Authors: Prashant Dhiman, Viranshu Kumar, Pradeep Joshi

Abstract:

Lot of research is going on to study the effect of cryogenic treatment on materials. Cryogenic treatment is a heat treatment process which is used widely to enhance the mechanical and metallurgical properties of various materials whether the material is ferrous or non ferrous. In almost all ferrous metals, it is found that retained austenite is converted into martensite. Generally deep cryogenic treatment is done using liquid nitrogen having temperature of -195 ℃. The austenite is unstable at this stage and converts into martensite. In non ferrous materials there presents a microcavity and under the action of stress it becomes crack. When this crack propagates, fracture takes place.
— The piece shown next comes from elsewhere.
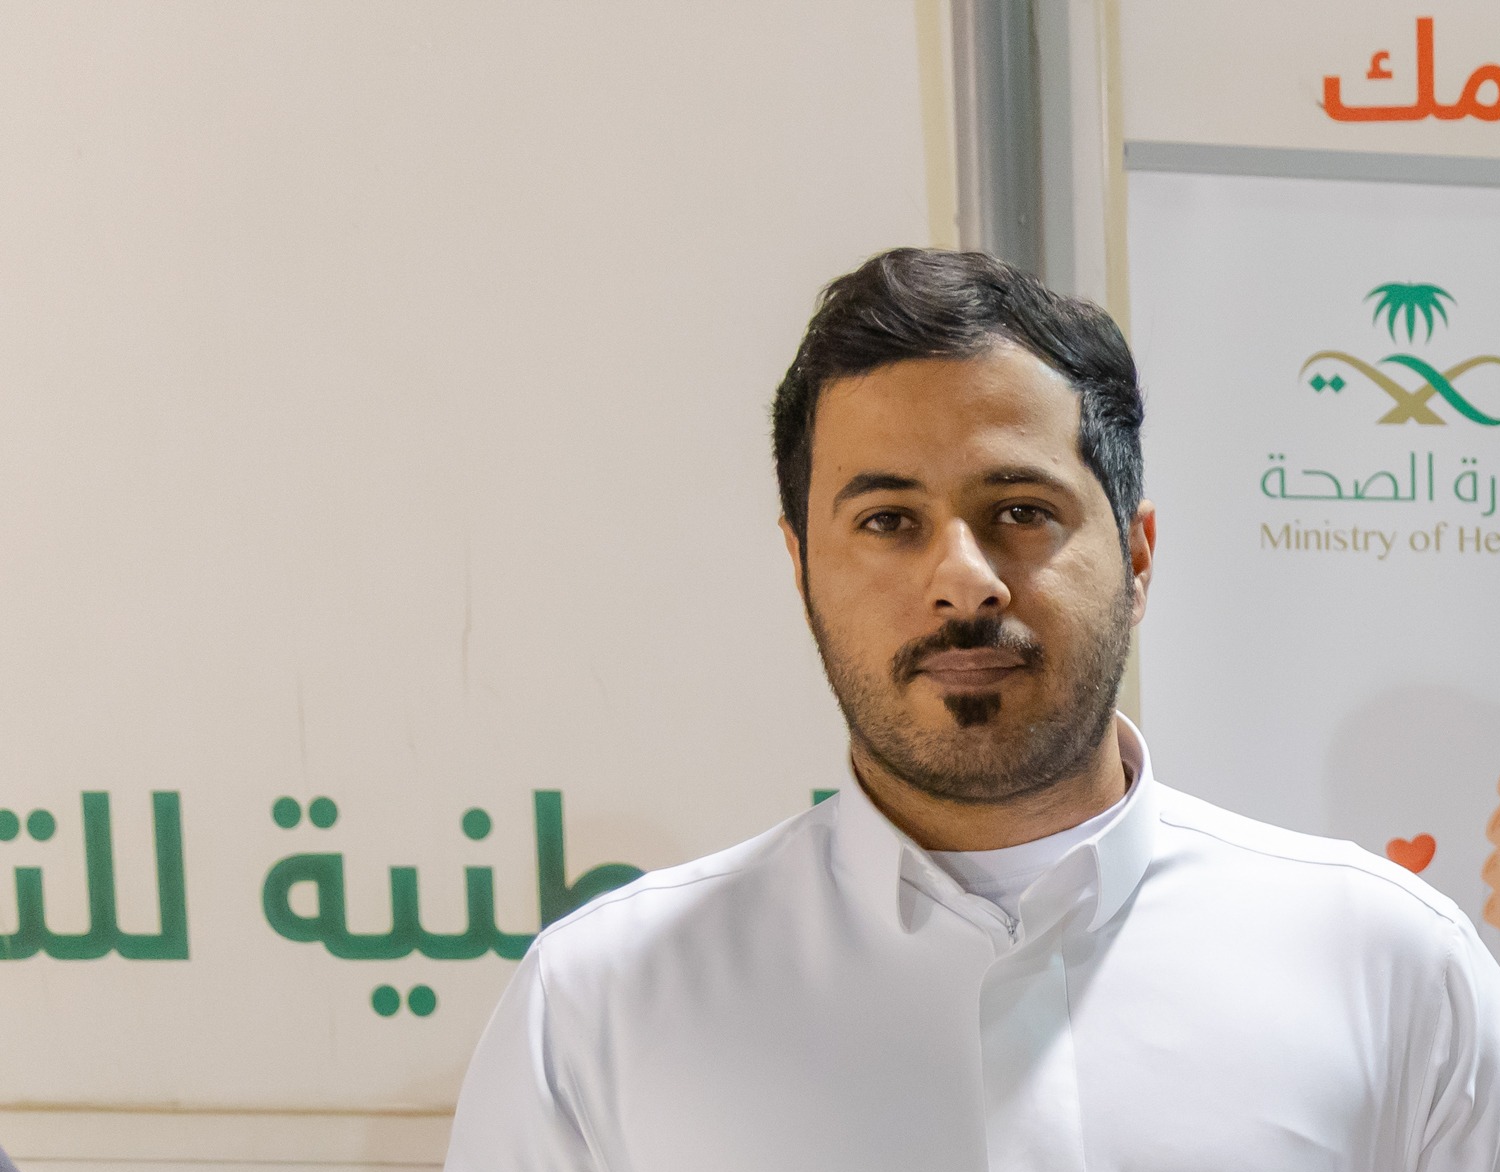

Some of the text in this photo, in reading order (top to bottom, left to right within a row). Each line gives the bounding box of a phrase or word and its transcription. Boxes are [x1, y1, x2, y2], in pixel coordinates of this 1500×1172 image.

[1261, 451, 1434, 501] الصحة
[1260, 519, 1396, 560] Ministry
[1409, 521, 1448, 552] of
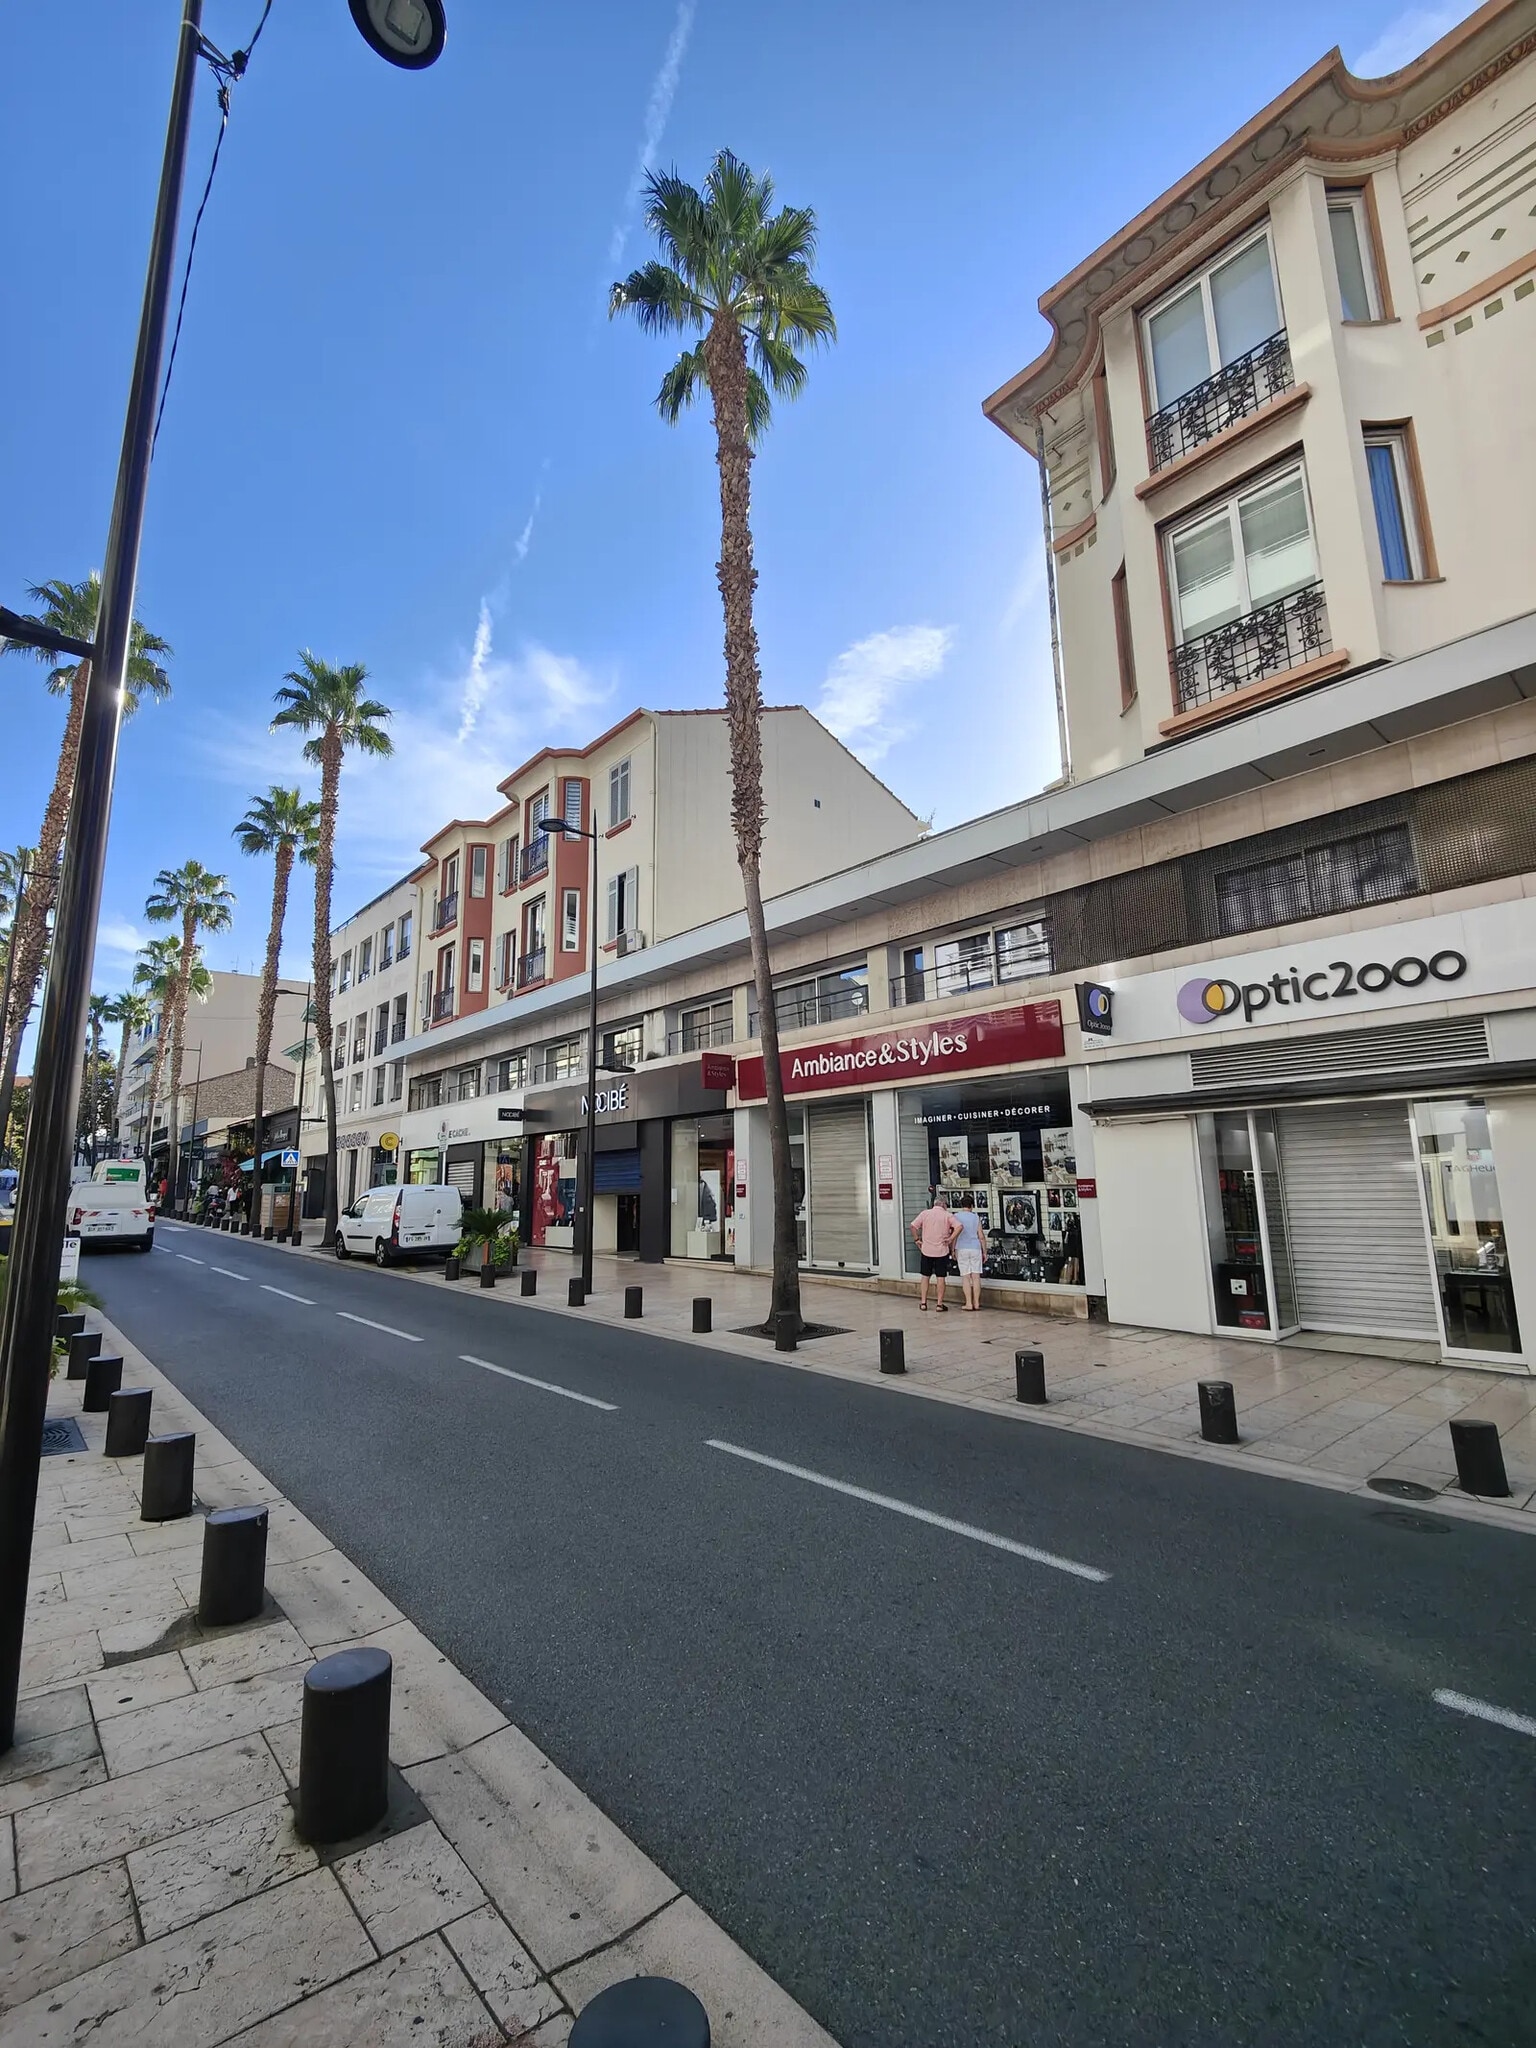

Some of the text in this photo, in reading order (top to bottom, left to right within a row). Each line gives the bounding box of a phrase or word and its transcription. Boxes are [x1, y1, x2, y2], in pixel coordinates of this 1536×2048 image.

As the metal contract under low temperature, by doing cryogenic treatment these microcavities will be filled hence increases the soundness of the material. Properties which are enhanced by cryogenic treatment of both ferrous and non ferrous materials are hardness, tensile strength, wear rate, electrical and thermal conductivity, and others. Also there is decrease in residual stress. A large number of manufacturing process (EDM, CNC etc.) are using cryogenic treatment on different tools or workpiece to reduce their wear. In this Review paper the use of cryogenic heat treatment in different manufacturing has been shown along with their advantages.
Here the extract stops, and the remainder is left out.